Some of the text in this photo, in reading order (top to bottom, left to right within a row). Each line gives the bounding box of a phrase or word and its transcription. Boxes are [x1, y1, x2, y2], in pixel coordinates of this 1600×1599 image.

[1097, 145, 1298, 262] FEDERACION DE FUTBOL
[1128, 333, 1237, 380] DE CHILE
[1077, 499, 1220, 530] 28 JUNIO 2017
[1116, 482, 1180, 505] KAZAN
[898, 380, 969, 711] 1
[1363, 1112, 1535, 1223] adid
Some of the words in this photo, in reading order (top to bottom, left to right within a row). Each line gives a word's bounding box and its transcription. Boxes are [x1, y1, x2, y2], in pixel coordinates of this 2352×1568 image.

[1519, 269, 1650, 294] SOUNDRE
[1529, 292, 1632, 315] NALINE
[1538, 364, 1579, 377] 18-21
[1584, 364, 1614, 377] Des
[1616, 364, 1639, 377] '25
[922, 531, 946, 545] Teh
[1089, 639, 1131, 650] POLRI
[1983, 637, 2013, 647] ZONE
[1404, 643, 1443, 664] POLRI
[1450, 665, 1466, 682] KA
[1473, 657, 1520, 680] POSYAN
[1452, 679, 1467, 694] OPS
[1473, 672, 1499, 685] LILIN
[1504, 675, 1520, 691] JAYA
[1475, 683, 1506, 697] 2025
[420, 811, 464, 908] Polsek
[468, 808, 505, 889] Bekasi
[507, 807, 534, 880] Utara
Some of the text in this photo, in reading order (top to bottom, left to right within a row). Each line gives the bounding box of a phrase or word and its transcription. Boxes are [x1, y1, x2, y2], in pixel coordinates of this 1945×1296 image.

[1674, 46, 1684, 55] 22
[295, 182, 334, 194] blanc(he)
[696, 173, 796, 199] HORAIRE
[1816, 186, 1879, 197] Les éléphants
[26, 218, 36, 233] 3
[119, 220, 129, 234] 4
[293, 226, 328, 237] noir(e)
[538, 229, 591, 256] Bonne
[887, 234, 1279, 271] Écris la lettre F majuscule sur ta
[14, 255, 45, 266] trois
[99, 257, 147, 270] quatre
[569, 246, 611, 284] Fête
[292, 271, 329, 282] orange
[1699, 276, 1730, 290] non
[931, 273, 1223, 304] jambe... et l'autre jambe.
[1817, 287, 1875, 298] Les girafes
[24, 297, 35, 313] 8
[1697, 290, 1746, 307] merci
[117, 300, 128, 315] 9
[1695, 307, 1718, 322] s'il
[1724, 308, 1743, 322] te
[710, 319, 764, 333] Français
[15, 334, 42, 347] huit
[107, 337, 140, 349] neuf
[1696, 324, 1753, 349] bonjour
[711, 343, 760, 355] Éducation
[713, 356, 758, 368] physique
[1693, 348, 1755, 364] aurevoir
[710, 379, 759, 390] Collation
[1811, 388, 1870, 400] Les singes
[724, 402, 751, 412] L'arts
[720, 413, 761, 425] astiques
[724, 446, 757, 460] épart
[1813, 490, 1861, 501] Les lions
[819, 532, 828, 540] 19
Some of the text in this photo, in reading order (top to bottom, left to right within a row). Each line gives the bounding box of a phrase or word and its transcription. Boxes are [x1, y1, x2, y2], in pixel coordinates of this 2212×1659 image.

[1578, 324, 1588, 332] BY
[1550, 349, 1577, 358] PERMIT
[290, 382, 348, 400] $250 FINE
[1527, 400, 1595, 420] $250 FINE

☆ ☆ ☆

* Task: The records above are to be printed out again exactly, without omission.

* Answer box:
Some of the text in this photo, in reading order (top to bottom, left to right within a row). Each line gives the bounding box of a phrase or word and its transcription. Boxes are [x1, y1, x2, y2], in pixel coordinates of this 1600×1599 image.

[1097, 145, 1298, 262] FEDERACION DE FUTBOL
[1128, 333, 1237, 380] DE CHILE
[1077, 499, 1220, 530] 28 JUNIO 2017
[1116, 482, 1180, 505] KAZAN
[898, 380, 969, 711] 1
[1363, 1112, 1535, 1223] adid
Some of the words in this photo, in reading order (top to bottom, left to right within a row). Each line gives a word's bounding box and its transcription. Boxes are [x1, y1, x2, y2], in pixel coordinates of this 2352×1568 image.

[1519, 269, 1650, 294] SOUNDRE
[1529, 292, 1632, 315] NALINE
[1538, 364, 1579, 377] 18-21
[1584, 364, 1614, 377] Des
[1616, 364, 1639, 377] '25
[922, 531, 946, 545] Teh
[1089, 639, 1131, 650] POLRI
[1983, 637, 2013, 647] ZONE
[1404, 643, 1443, 664] POLRI
[1450, 665, 1466, 682] KA
[1473, 657, 1520, 680] POSYAN
[1452, 679, 1467, 694] OPS
[1473, 672, 1499, 685] LILIN
[1504, 675, 1520, 691] JAYA
[1475, 683, 1506, 697] 2025
[420, 811, 464, 908] Polsek
[468, 808, 505, 889] Bekasi
[507, 807, 534, 880] Utara
Some of the text in this photo, in reading order (top to bottom, left to right within a row). Each line gives the bounding box of a phrase or word and its transcription. Boxes are [x1, y1, x2, y2], in pixel coordinates of this 1945×1296 image.

[1674, 46, 1684, 55] 22
[295, 182, 334, 194] blanc(he)
[696, 173, 796, 199] HORAIRE
[1816, 186, 1879, 197] Les éléphants
[26, 218, 36, 233] 3
[119, 220, 129, 234] 4
[293, 226, 328, 237] noir(e)
[538, 229, 591, 256] Bonne
[887, 234, 1279, 271] Écris la lettre F majuscule sur ta
[14, 255, 45, 266] trois
[99, 257, 147, 270] quatre
[569, 246, 611, 284] Fête
[292, 271, 329, 282] orange
[1699, 276, 1730, 290] non
[931, 273, 1223, 304] jambe... et l'autre jambe.
[1817, 287, 1875, 298] Les girafes
[24, 297, 35, 313] 8
[1697, 290, 1746, 307] merci
[117, 300, 128, 315] 9
[1695, 307, 1718, 322] s'il
[1724, 308, 1743, 322] te
[710, 319, 764, 333] Français
[15, 334, 42, 347] huit
[107, 337, 140, 349] neuf
[1696, 324, 1753, 349] bonjour
[711, 343, 760, 355] Éducation
[713, 356, 758, 368] physique
[1693, 348, 1755, 364] aurevoir
[710, 379, 759, 390] Collation
[1811, 388, 1870, 400] Les singes
[724, 402, 751, 412] L'arts
[720, 413, 761, 425] astiques
[724, 446, 757, 460] épart
[1813, 490, 1861, 501] Les lions
[819, 532, 828, 540] 19
Some of the text in this photo, in reading order (top to bottom, left to right within a row). Each line gives the bounding box of a phrase or word and its transcription. Boxes are [x1, y1, x2, y2], in pixel coordinates of this 2212×1659 image.

[1578, 324, 1588, 332] BY
[1550, 349, 1577, 358] PERMIT
[290, 382, 348, 400] $250 FINE
[1527, 400, 1595, 420] $250 FINE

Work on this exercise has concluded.